My writing sucks? Sure, that's a strong possibility. I'm still not getting it? OK. Optimistically, I'm too familiar with my own writing. I like that one. What is it?
BACK TO SCENE
Last night I put Script on the bureau, turned out the light, went two rounds with my pillow and started to slee-- think. My writing. My writing. That scene. This image. The Illusionist. What is Burger doing that I am not? Why do I feel I'm watching a film? Then it comes to me.

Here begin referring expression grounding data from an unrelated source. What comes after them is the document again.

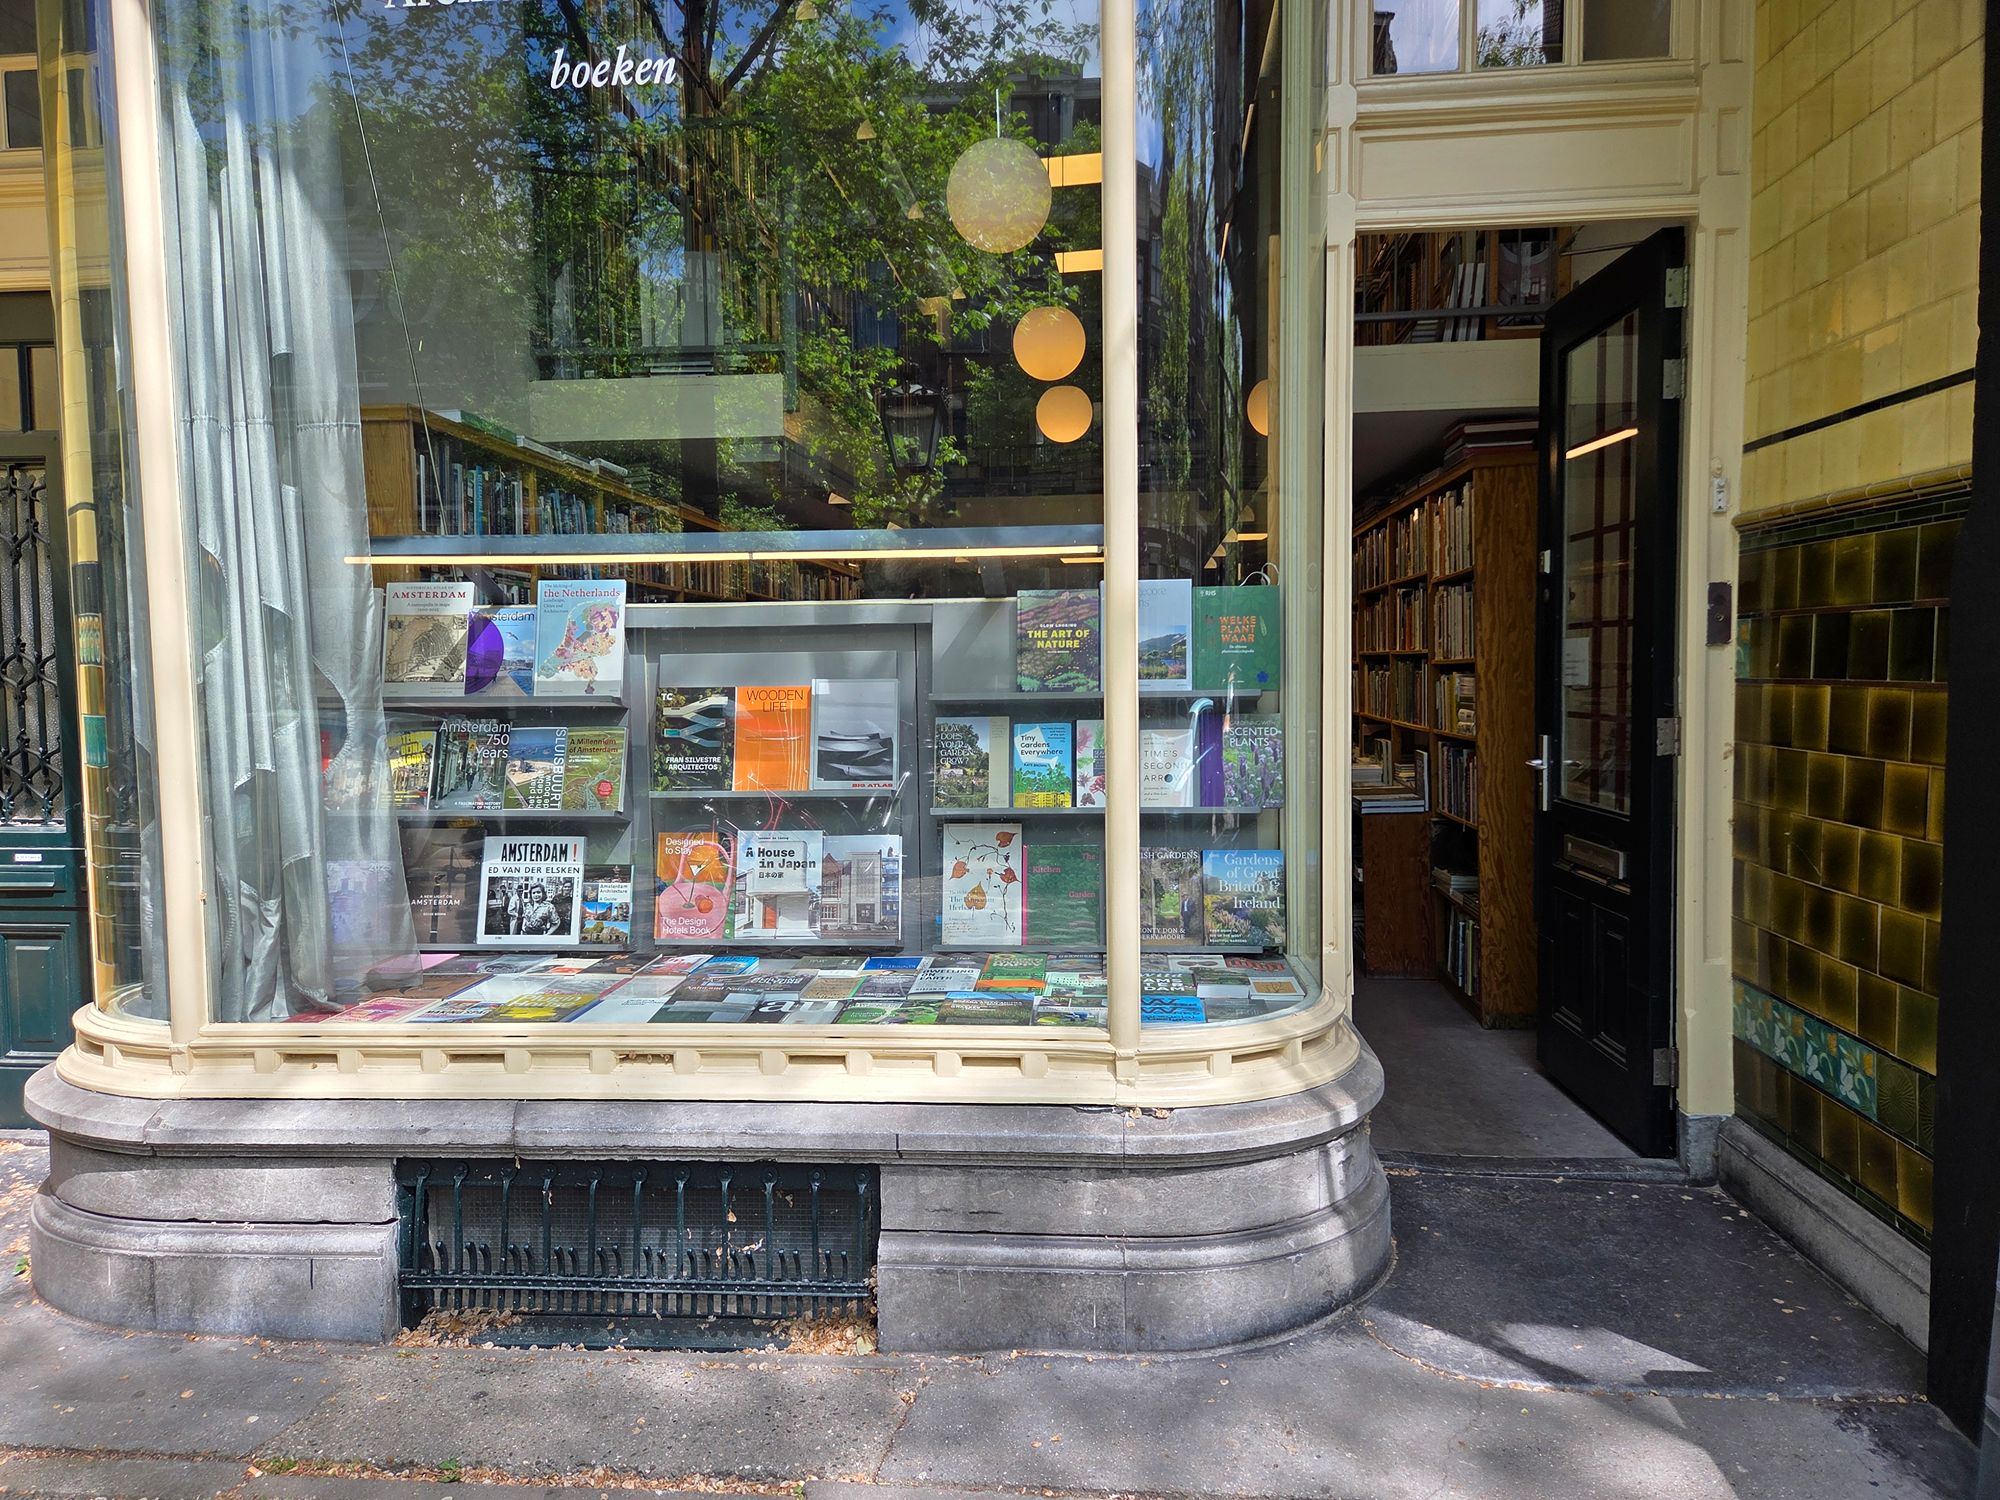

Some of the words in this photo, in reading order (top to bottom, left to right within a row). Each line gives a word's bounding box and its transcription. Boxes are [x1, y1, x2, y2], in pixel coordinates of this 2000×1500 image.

[551, 45, 676, 89] boeken
[392, 591, 467, 599] AMSTERDAM
[544, 589, 559, 598] the
[562, 588, 621, 598] Netherlands
[1219, 616, 1256, 624] WELKE
[1220, 625, 1256, 633] PLANT
[1027, 630, 1048, 638] THE
[1051, 630, 1073, 638] ART
[1075, 630, 1090, 638] OF
[1222, 634, 1255, 643] WAAR
[1037, 640, 1080, 648] NATURE
[661, 693, 673, 701] TC
[747, 689, 804, 701] WOODEN
[762, 701, 787, 713] LIFE
[439, 721, 511, 733] Amsterdam
[1230, 727, 1278, 736] SCENTED
[486, 734, 510, 746] 750
[1230, 737, 1270, 747] PLANTS
[941, 741, 964, 749] YOUR
[475, 747, 509, 759] Years
[940, 749, 973, 757] GARDEN
[1021, 749, 1064, 757] Everywhere
[1144, 750, 1178, 758] TIME'S
[665, 756, 684, 764] FRAN
[940, 757, 969, 765] GROW?
[550, 729, 567, 808] SLUISBUURT
[668, 763, 718, 771] ARQUITECTOS
[543, 775, 551, 797] bouw
[543, 799, 550, 808] de
[665, 837, 704, 847] Designed
[501, 843, 568, 862] AMSTERDAM
[573, 844, 578, 862] !
[665, 847, 673, 855] to
[675, 847, 692, 855] Stay
[746, 848, 754, 857] A
[758, 848, 795, 857] House
[1157, 851, 1199, 859] GARDENS
[759, 859, 774, 868] in
[778, 858, 816, 870] Japan
[1224, 853, 1280, 866] Gardens
[1227, 867, 1240, 878] of
[1243, 867, 1279, 879] Great
[1220, 879, 1264, 892] Britain
[1269, 880, 1280, 892] &
[1234, 897, 1280, 909] Ireland
[661, 917, 676, 925] The
[678, 917, 707, 927] Design
[662, 926, 688, 934] Hotels
[690, 926, 711, 934] Book
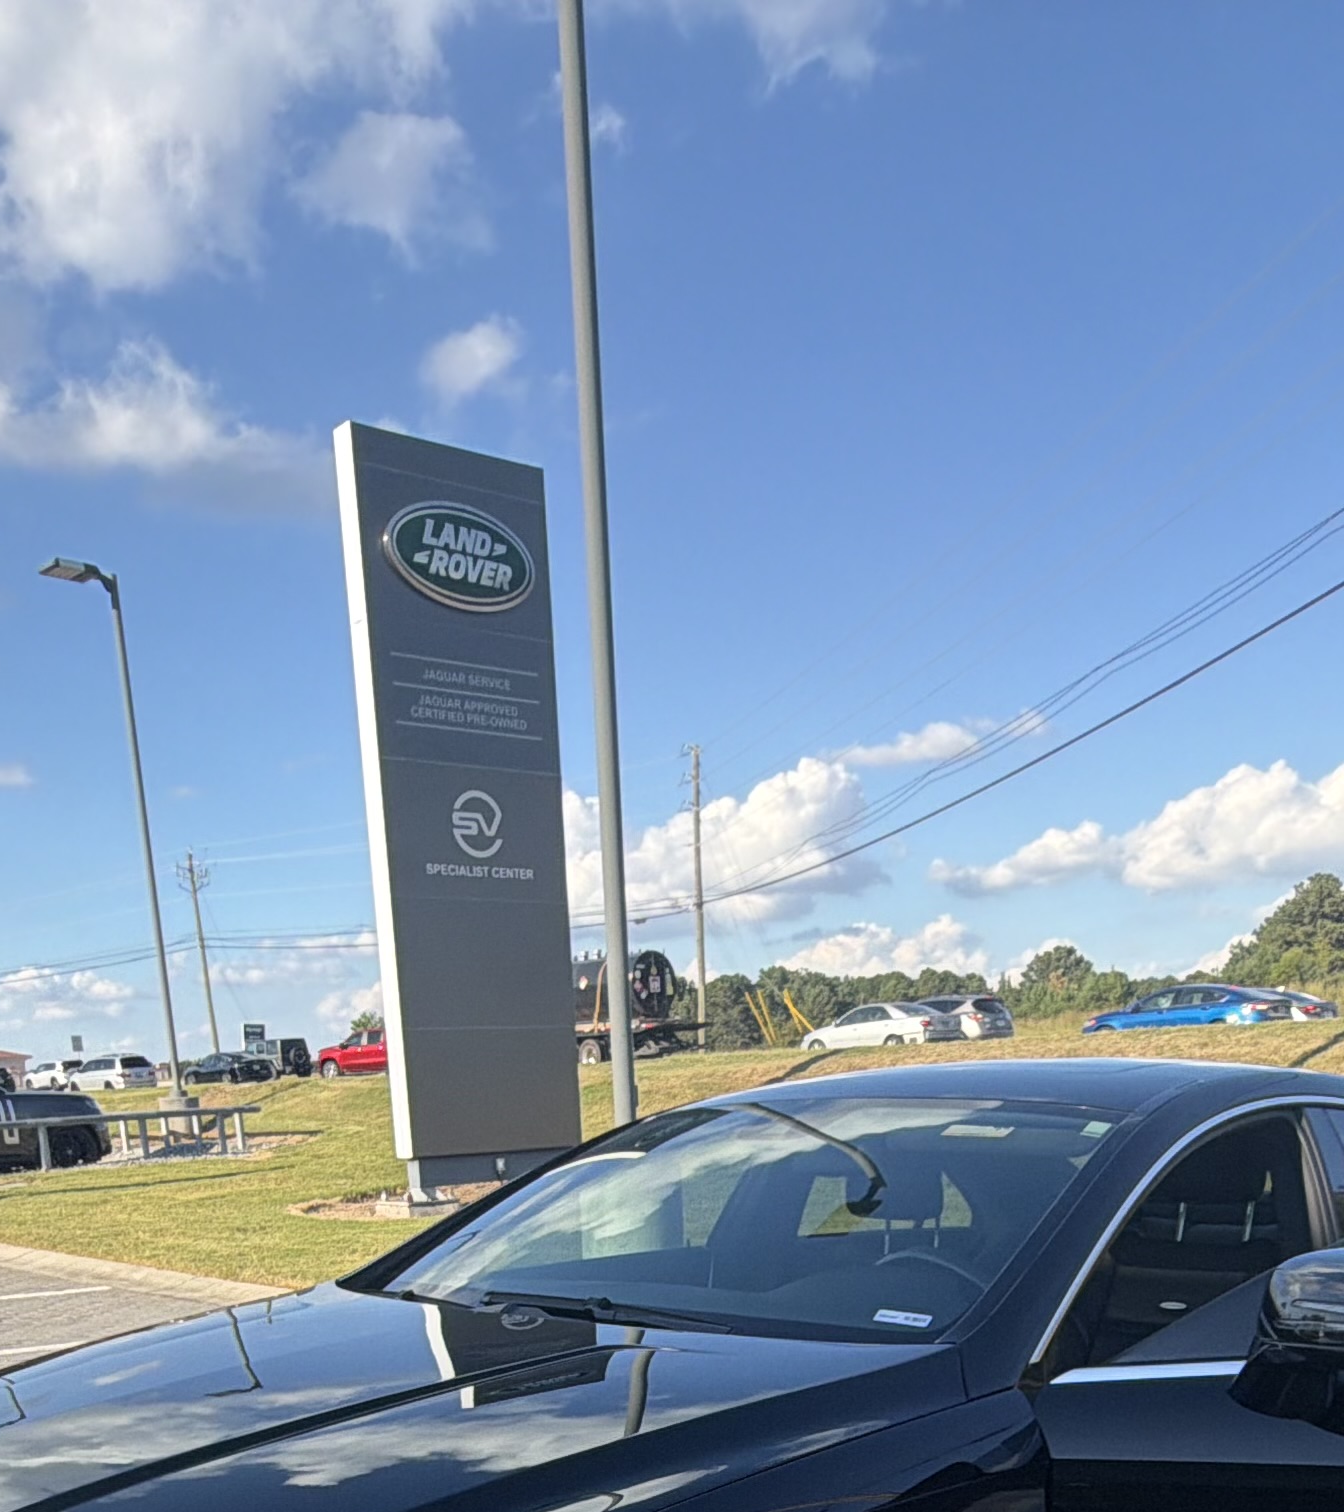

One of the writing devices I use in my script (albeit not in the first 20 pages posted) is called, "A SERIES OF QUICK CUTS", and then three or four short, descriptive image sentences to convey the feeling of a quick montage; an F/X; a time lapse; you get the idea. Although not overused, and having a 75% effective rate with contest judges (A Feeding Frenzy had something to say about it), it still didn't really create the effect I wanted. It convey the F/X. It revealed story elements through description and conflict. It was concise, and even the smallest bit clever. But after reading Burger's pages it also wasn't enough.
So in bed, in the dark I kept thinking just about that one bit. Then I came up with the idea of using a thumb nail image, followed by ellipses, and then a widening or panning back from the thumb nail to the rest of the descriptive. Trust me, it makes sense.
Example. A tattooed, scowling biker hunkered over handlebars...slowly strolling a baby carriage on a busy, summer boardwalk at night.